Cinema: Spanish Passion

2 minute read
TIME

The Moment of Truth, made in Spain with an Italian-language sound track, charts the rise and fall of a great bullfighter in terms of bitter economic necessity. The hero is played by Spanish Matador Miguel Mateo, 26, known to aficionados as Miguelin, who gives the role a surly, feverish immediacy that sometimes lacks subtlety but never lacks sting. The quasi-fictional Miguelin has no dream of glory at the outset. A spunky, mop-topped Andalusian peasant, he flees the arduous life on his father’s farm, drifts into that gypsy band of hot-eyed hopefuls who haunt every Spanish bull ring, courting fame with a scarlet muleta. Before a bull’s horns end his short unhappy career, he attains wealth, loneliness, a retinue of greedy hangers-on, a house for his mother, a fast convertible and faster women—one a sleek, actressy adventuress named Linda, who takes her matadors at their peak, and is played, in a brief and startlingly persuasive performance, by Linda Christian.

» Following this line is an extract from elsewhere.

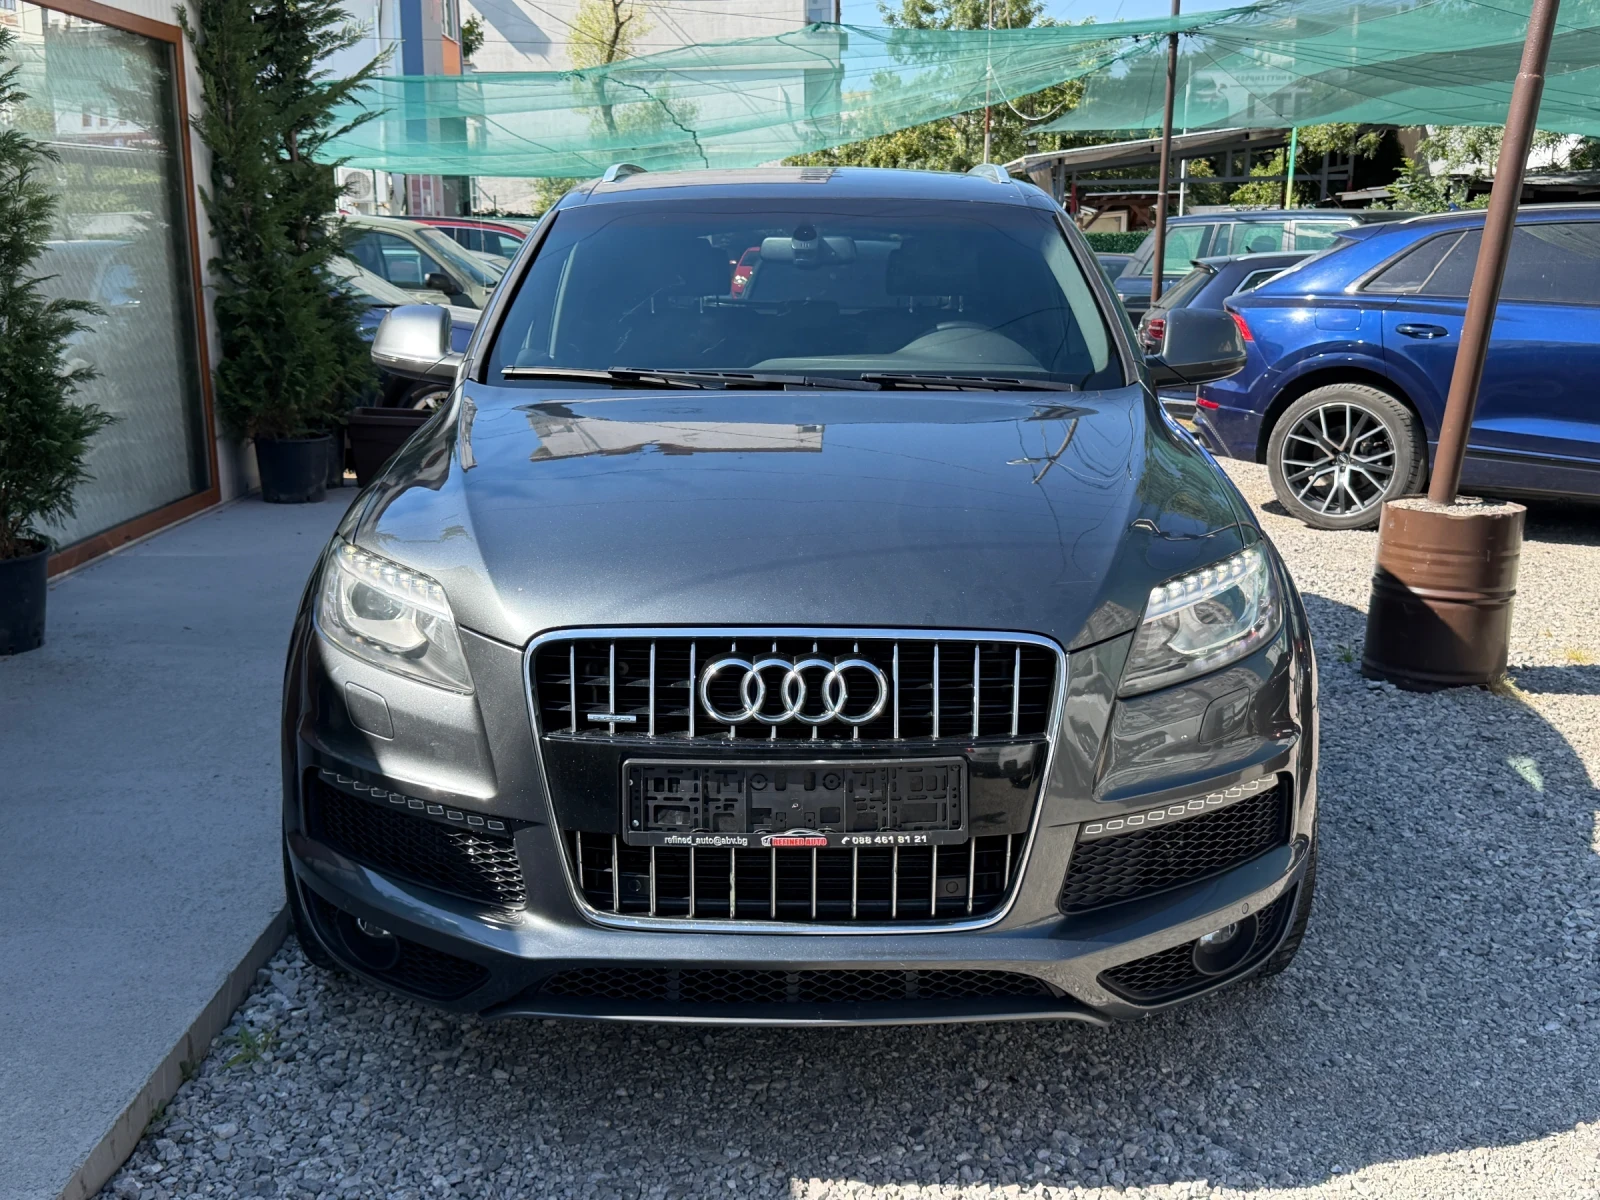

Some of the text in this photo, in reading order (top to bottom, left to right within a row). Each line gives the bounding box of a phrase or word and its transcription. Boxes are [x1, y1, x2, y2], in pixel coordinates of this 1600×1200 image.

Moment gives this conventional plot the classic simplicity of folk art. Gianni di Venanzo’s vibrant color photography uncovers the temper of Spain among black-hooded worshipers at a religious festival, among whores and homosexuals in the slums of Barcelona, in the face of a proud old taskmaster whose dingy urban cellar houses a school for stripling toreros. In one sequence, the disconsolate Miguelin wanders through a sere, light-washed Spanish landscape while threshers fill the air with a blizzard of pale yellow grain. Such scenes are a needed respite from many matchless closeups at the arena where the hero, his mouth pursed in a kiss of defiance, struts arrogantly before the bulls, finally coaxes his frothing and bloodied adversaries to die at his feet. Though Italian Director Francesco Rosi intends a social protest against a contest in which both man and beast are sacrificed to the mob, he instead brings forth a fi’m of brutal and paralyzing beauty, quickened with all the ancient, raging instincts that make a deadly art endure.